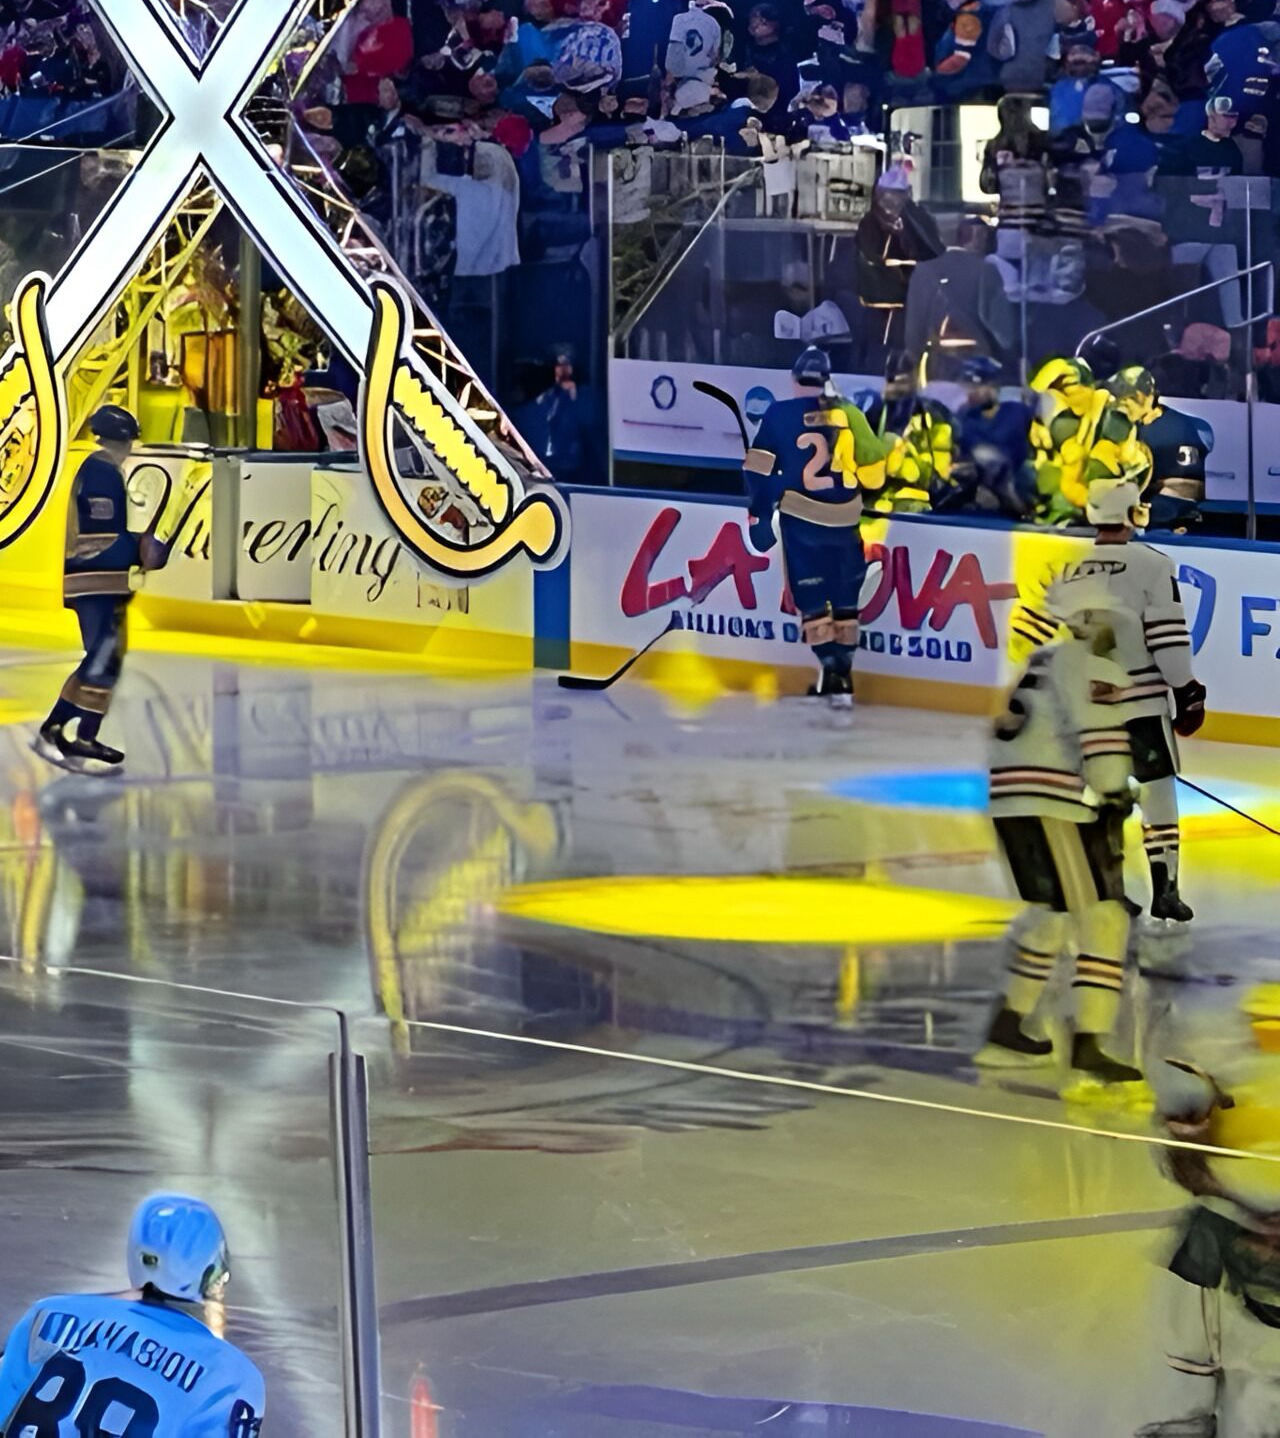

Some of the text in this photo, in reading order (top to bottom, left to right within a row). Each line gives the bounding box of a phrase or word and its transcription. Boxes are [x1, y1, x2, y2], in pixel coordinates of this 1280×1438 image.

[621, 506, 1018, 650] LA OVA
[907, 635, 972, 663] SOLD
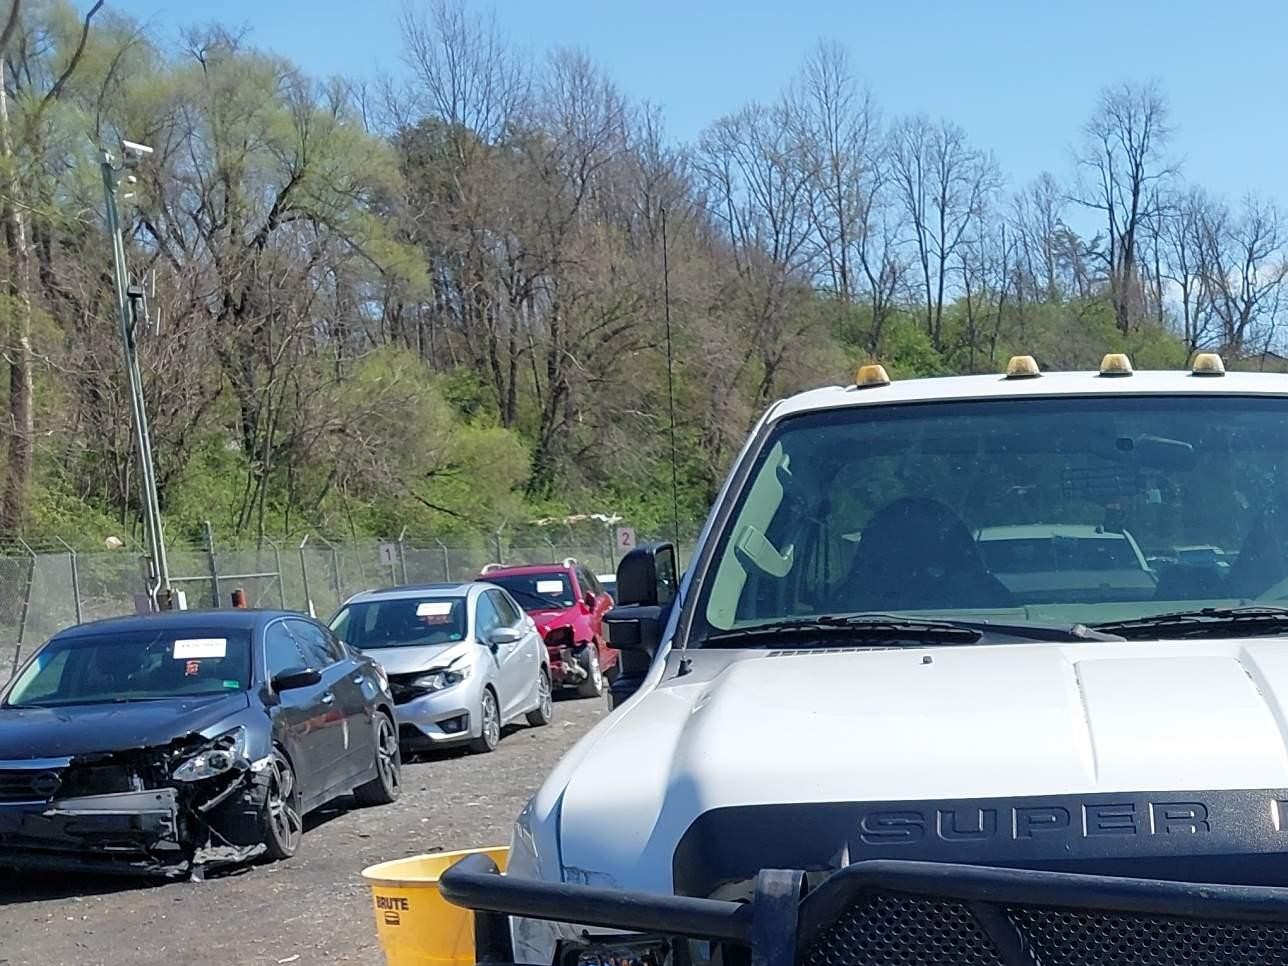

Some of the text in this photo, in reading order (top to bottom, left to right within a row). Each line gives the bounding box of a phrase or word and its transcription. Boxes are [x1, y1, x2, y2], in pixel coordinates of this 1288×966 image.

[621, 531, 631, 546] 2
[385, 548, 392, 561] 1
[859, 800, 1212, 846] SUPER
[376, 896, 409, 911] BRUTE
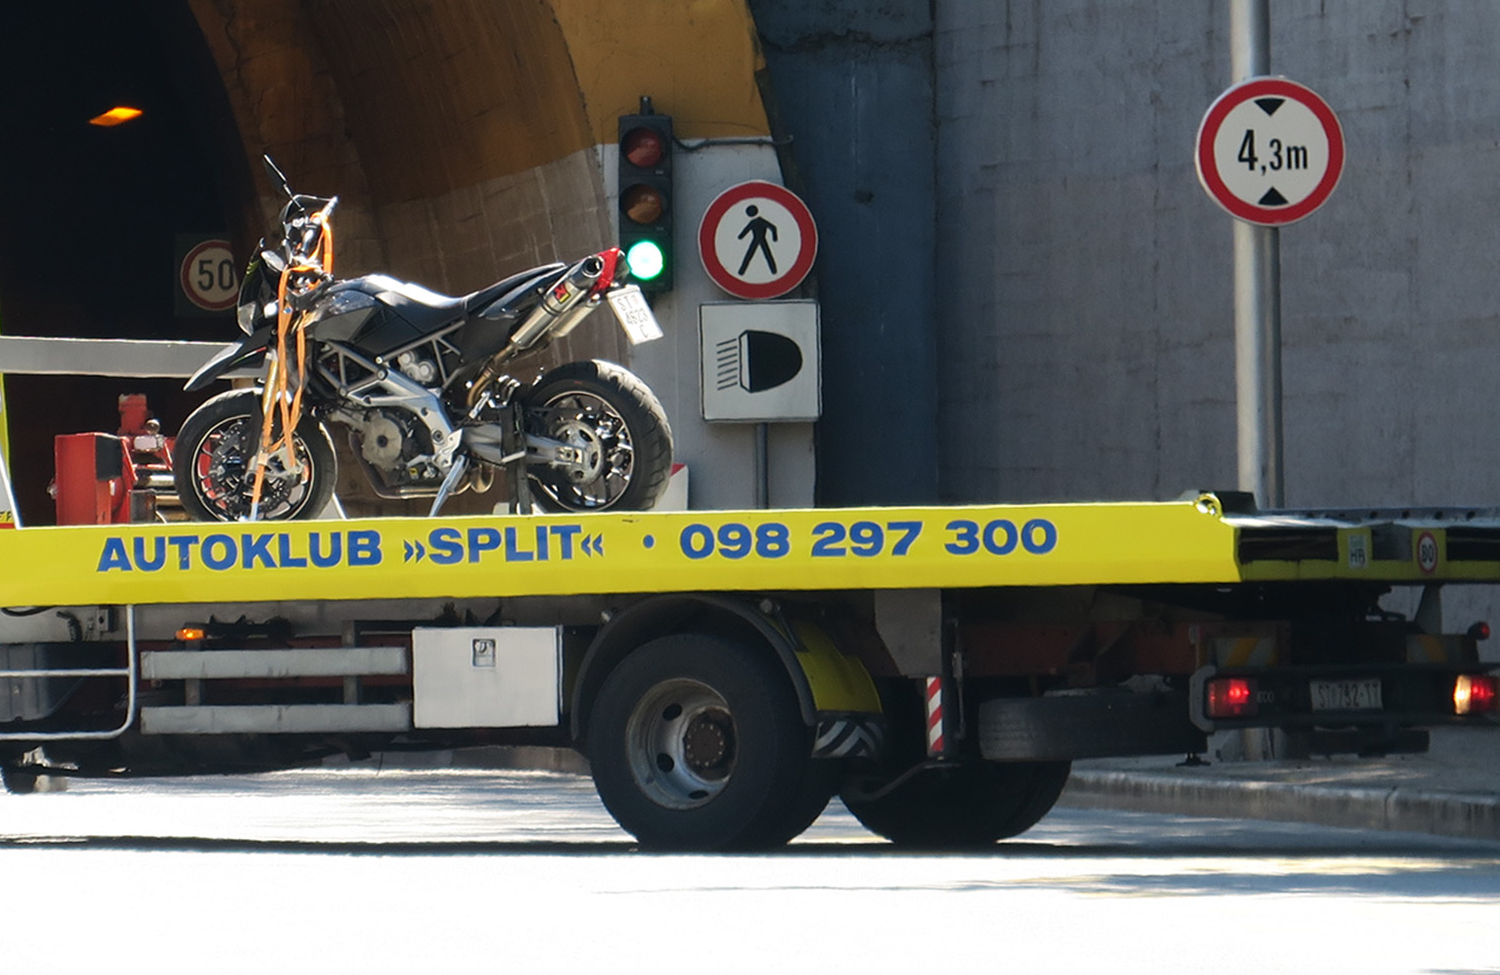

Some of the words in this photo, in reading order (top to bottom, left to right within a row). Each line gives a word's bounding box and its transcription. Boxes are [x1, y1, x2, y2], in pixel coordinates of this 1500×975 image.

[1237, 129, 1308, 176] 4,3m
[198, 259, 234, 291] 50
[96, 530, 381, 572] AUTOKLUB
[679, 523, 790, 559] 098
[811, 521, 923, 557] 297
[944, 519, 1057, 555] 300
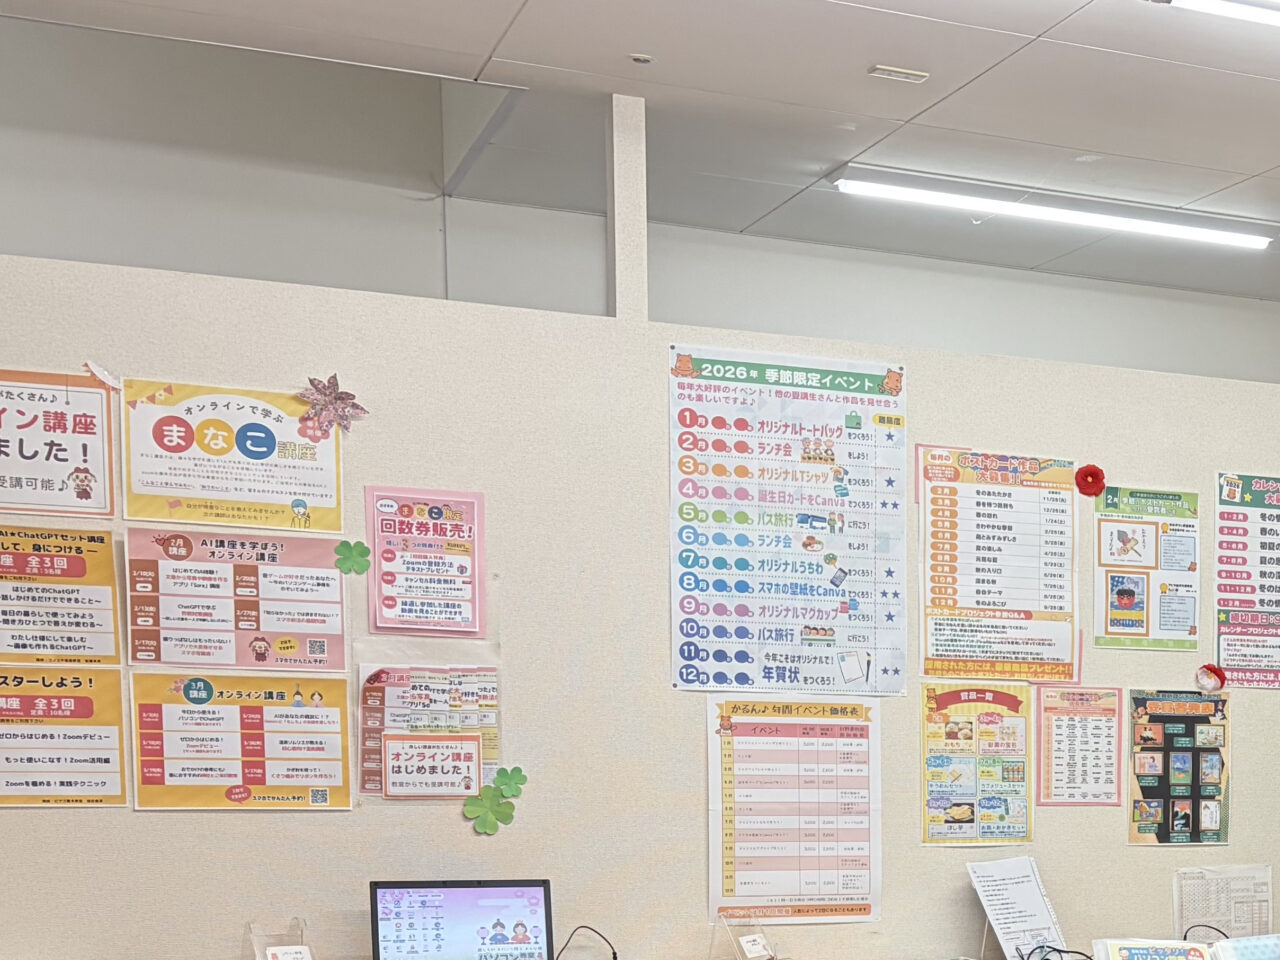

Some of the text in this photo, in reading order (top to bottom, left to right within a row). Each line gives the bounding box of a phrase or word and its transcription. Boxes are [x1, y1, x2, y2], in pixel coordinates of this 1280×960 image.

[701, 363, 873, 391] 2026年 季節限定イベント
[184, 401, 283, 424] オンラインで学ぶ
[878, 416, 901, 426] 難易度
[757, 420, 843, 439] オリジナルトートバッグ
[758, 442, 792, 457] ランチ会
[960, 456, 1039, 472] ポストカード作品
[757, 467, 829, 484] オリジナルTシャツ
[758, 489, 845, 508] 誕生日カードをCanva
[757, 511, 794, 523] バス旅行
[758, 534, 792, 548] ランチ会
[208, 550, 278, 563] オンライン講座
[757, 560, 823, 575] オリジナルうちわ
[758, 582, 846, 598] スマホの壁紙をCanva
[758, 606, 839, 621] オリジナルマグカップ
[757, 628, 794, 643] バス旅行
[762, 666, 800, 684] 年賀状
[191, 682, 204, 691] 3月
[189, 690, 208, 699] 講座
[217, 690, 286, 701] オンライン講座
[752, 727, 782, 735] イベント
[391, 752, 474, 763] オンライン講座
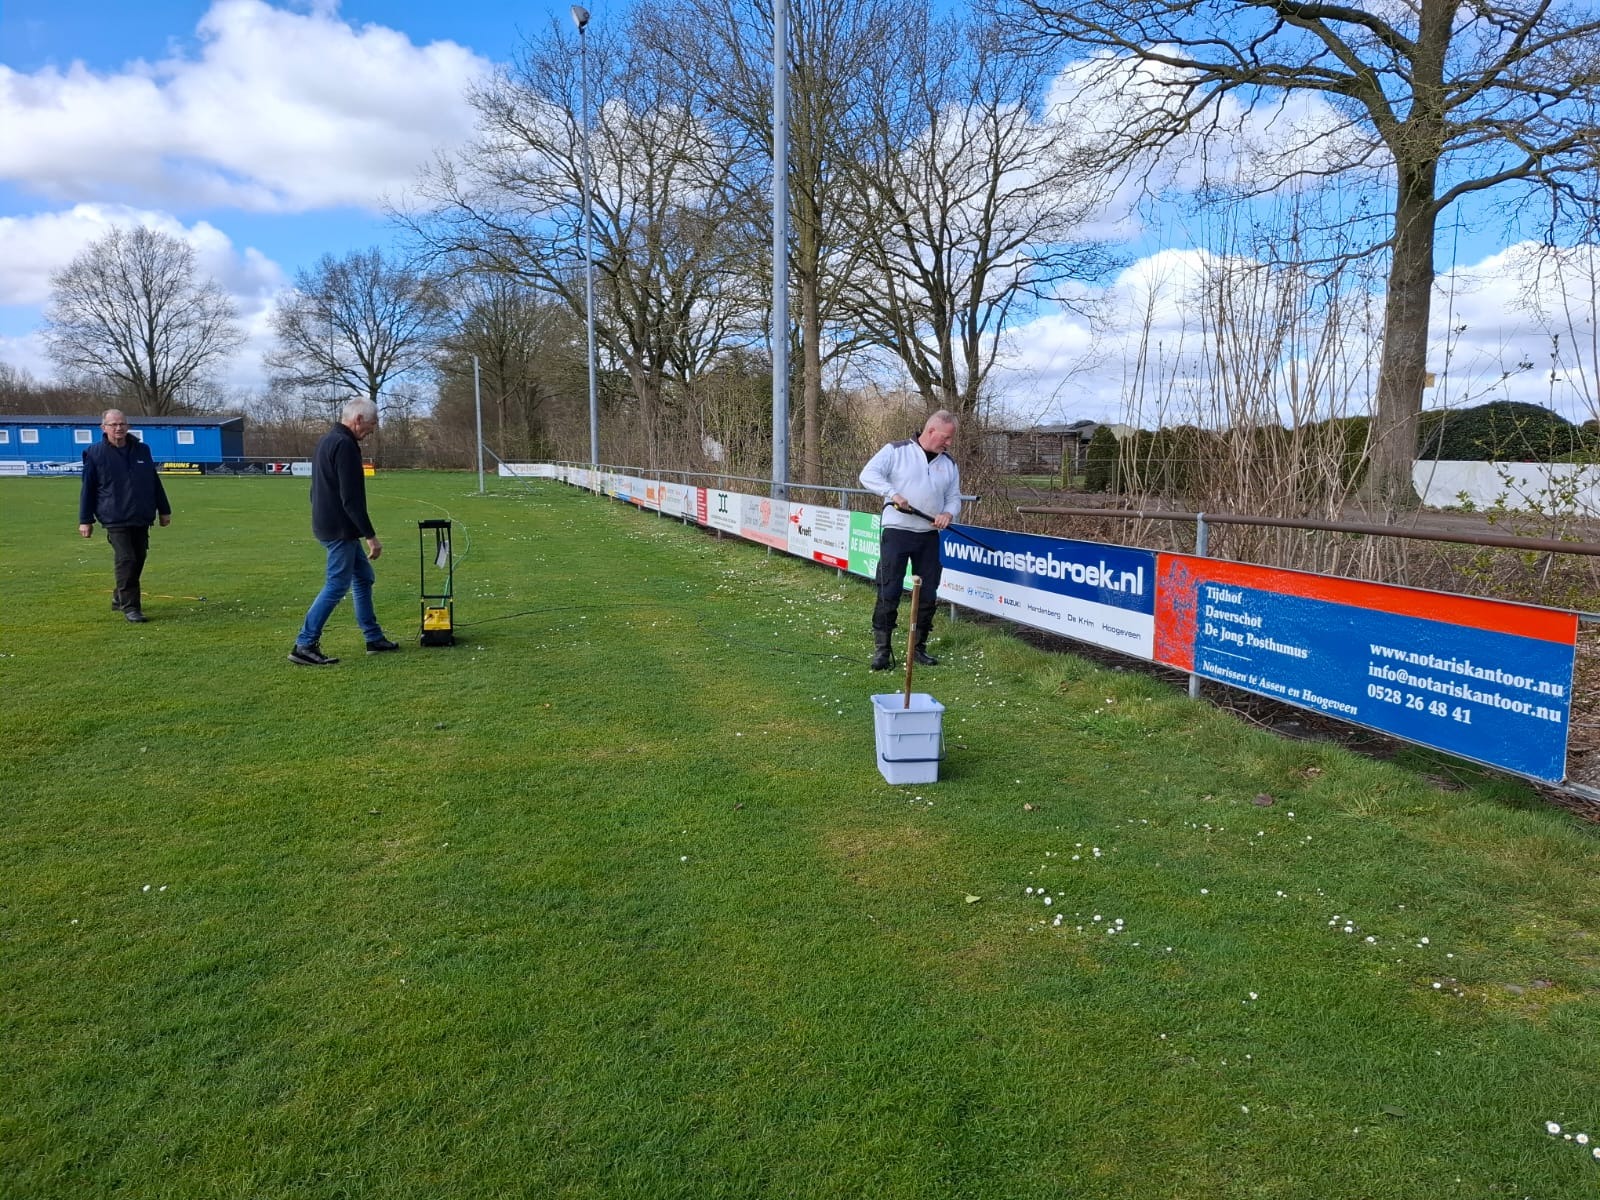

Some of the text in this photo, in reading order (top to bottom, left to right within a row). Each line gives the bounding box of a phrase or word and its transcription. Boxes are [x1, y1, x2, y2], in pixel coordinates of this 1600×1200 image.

**EXERCISE REQUIREMENTS**
Down to the last line, return the entries above exactly, with no pictures.

**SOLUTION TO THE EXERCISE**
Some of the text in this photo, in reading order (top to bottom, left to right within a row). Each line gives the bounding box of a phrase or word and its transcription. Boxes are [x1, y1, x2, y2], in pixel coordinates of this 1280×1438 image.

[621, 506, 1018, 650] LA OVA
[907, 635, 972, 663] SOLD

Some of the text in this photo, in reading order (top to bottom, left to right within a row). Each line gives the bounding box of a phrase or word and its transcription. Boxes are [x1, y1, x2, y2], in pixel coordinates of this 1288×966 image.

[621, 531, 631, 546] 2
[385, 548, 392, 561] 1
[859, 800, 1212, 846] SUPER
[376, 896, 409, 911] BRUTE

Some of the words in this photo, in reading order (top to bottom, left to right within a row). Each line gives a word's bounding box and its transcription. Boxes are [x1, y1, x2, y2], in pixel coordinates of this 1500×975 image.

[1237, 129, 1308, 176] 4,3m
[198, 259, 234, 291] 50
[96, 530, 381, 572] AUTOKLUB
[679, 523, 790, 559] 098
[811, 521, 923, 557] 297
[944, 519, 1057, 555] 300

Some of the text in this photo, in reading order (top to bottom, left to right within a row). Each line gives the bounding box of a phrase or word and its transcription. Boxes are [x1, y1, x2, y2], in pixel coordinates of this 1280×960 image.

[701, 363, 873, 391] 2026年 季節限定イベント
[184, 401, 283, 424] オンラインで学ぶ
[878, 416, 901, 426] 難易度
[757, 420, 843, 439] オリジナルトートバッグ
[758, 442, 792, 457] ランチ会
[960, 456, 1039, 472] ポストカード作品
[757, 467, 829, 484] オリジナルTシャツ
[758, 489, 845, 508] 誕生日カードをCanva
[757, 511, 794, 523] バス旅行
[758, 534, 792, 548] ランチ会
[208, 550, 278, 563] オンライン講座
[757, 560, 823, 575] オリジナルうちわ
[758, 582, 846, 598] スマホの壁紙をCanva
[758, 606, 839, 621] オリジナルマグカップ
[757, 628, 794, 643] バス旅行
[762, 666, 800, 684] 年賀状
[191, 682, 204, 691] 3月
[189, 690, 208, 699] 講座
[217, 690, 286, 701] オンライン講座
[752, 727, 782, 735] イベント
[391, 752, 474, 763] オンライン講座

Some of the text in this photo, in reading order (top to bottom, left to right within a row). Each line gives the bounding box of a phrase or word and its transcription. Boxes are [x1, y1, x2, y2], in pixel coordinates of this 1600×1200 image.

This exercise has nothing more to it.